Accompany Resisters to Prison
By accompanying resisters when they go to prison, you stand with them in their ordeal and also demonstrate that you are undaunted and unashamed at being vulnerable to government reprisals. Here are two descriptions of how this can play out:
Example Annuity Tax Resistance
In the 1830s, Annuity Tax resisters in Edinburgh, Scotland, would march to prison in a veritable parade of protesters. One description of such a procession read:
[H]e was marched off to the Calton Jail, accompanied by the usual hasty muster of people carrying flags and poles, having placards on which were a variety of devices and inscriptions… His daughter, a fine young woman, in a fit of heroic indignation which overmastered her grief and the natural timidity of her sex, seized one of the flags, and would have walked before her father to prison with the crowd, but was prevented by him and the interference of the humane bystanders.
Example Bardoli Tax Strike
When resisters were arrested during the Bardoli tax strike, they considered it an opportunity for celebratory defiance. The prisoners did as much to boost the spirits of the onlookers as vice-versa:
Some of the wives of the men who were arrested attended the court, and followed their husbands to the station where they were taken roped and handcuffed in pairs under strong police escort.
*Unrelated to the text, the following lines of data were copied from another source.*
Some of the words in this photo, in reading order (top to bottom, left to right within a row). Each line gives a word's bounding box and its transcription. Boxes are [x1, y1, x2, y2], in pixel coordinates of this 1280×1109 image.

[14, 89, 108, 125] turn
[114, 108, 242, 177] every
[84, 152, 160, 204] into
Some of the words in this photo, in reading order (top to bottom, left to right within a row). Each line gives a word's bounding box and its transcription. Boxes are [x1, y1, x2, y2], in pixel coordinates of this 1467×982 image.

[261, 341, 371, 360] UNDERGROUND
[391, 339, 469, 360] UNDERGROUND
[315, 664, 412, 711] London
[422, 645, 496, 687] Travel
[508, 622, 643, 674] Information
Sorrow there may have been in the women’s hearts, but there was none on their faces, and they joined in the hearty cheering as the train moved out of the station platform…
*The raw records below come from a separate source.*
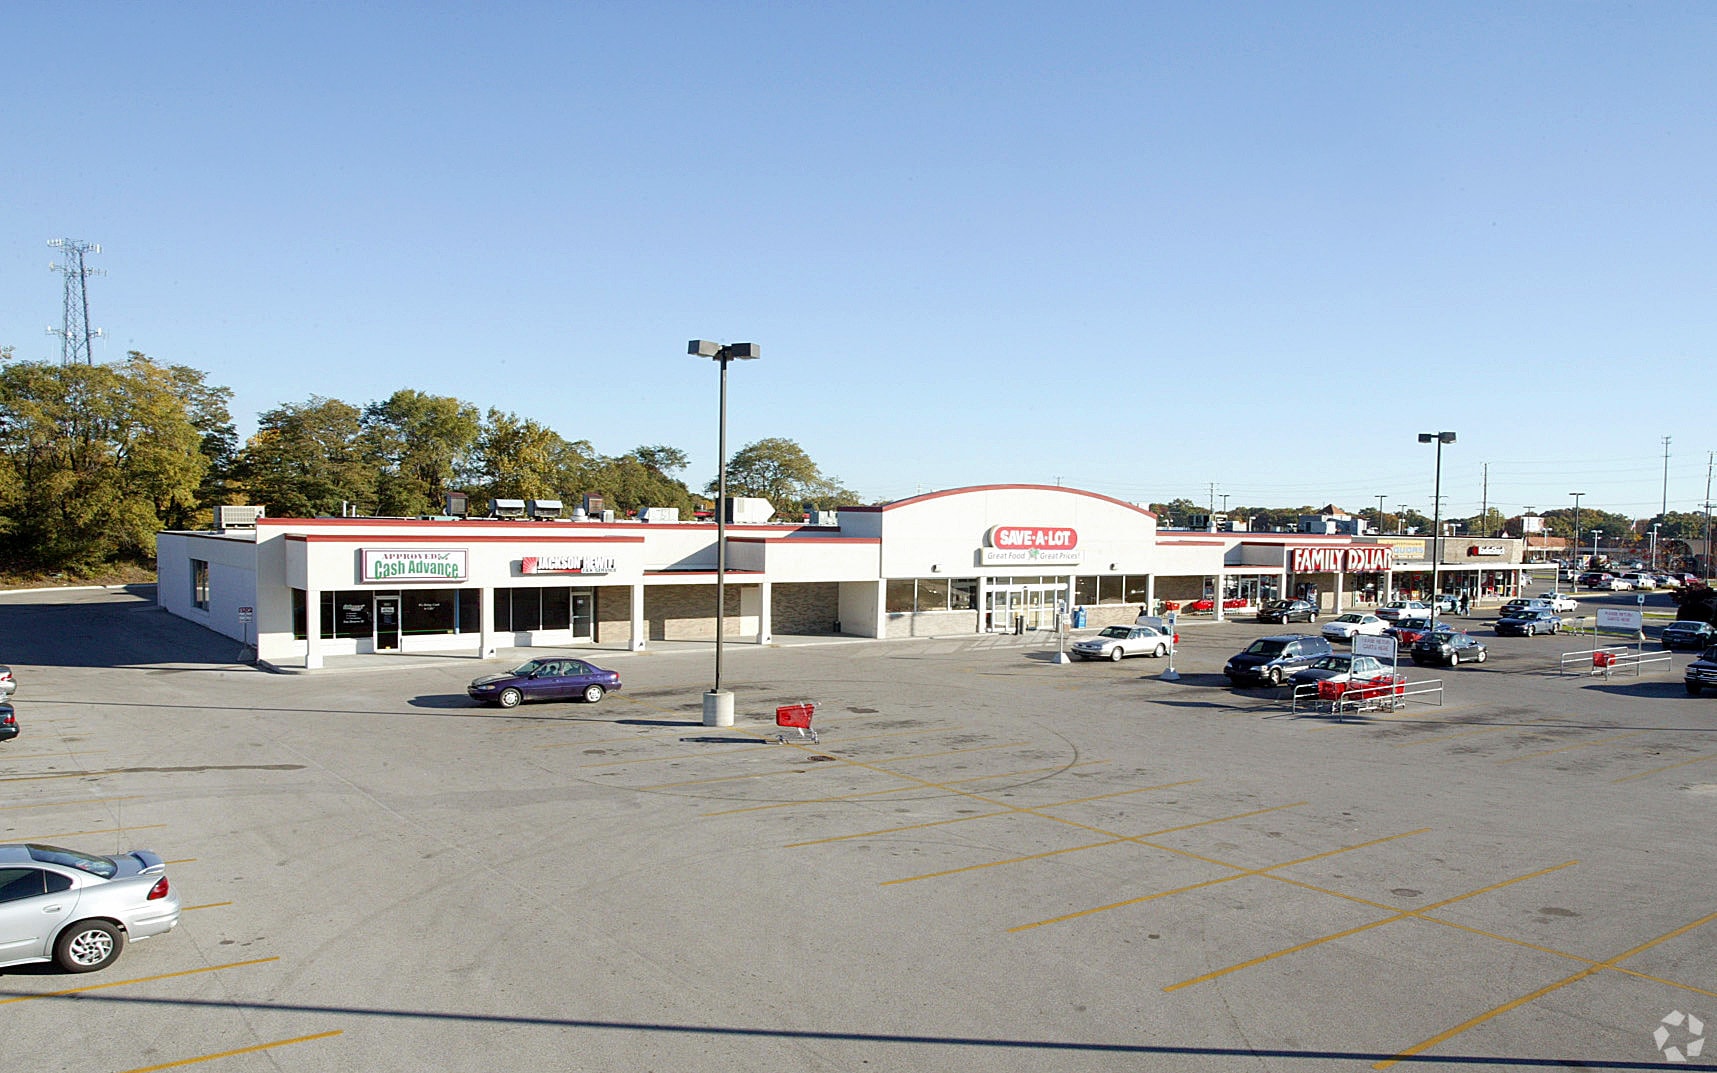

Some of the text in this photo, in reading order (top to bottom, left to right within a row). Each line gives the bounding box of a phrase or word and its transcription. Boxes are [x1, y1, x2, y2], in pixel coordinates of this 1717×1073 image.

[537, 556, 581, 569] JACKSON
[988, 552, 1007, 560] Great
[1008, 552, 1025, 560] Food
[1040, 552, 1058, 560] Great
[1294, 548, 1392, 571] FAMILY DOLLAR
[374, 560, 459, 580] Cash Advance
[T]he people had by now become adepts in laughing at these displays. The convicts were laughing and joking and saying to people who were annoyed to see them handcuffed: “Never mind: something better than wrist watches.” Immediately the people caught their spirit, lustily cried Vande Mataram, and gave hearty cheers as the train carrying the convicts steamed out of the platform.
Notes and Citations
- “Imprisonment of a Baptist” Tate’s Edinburgh Magazine, #XVIII, September 1833, p. 802.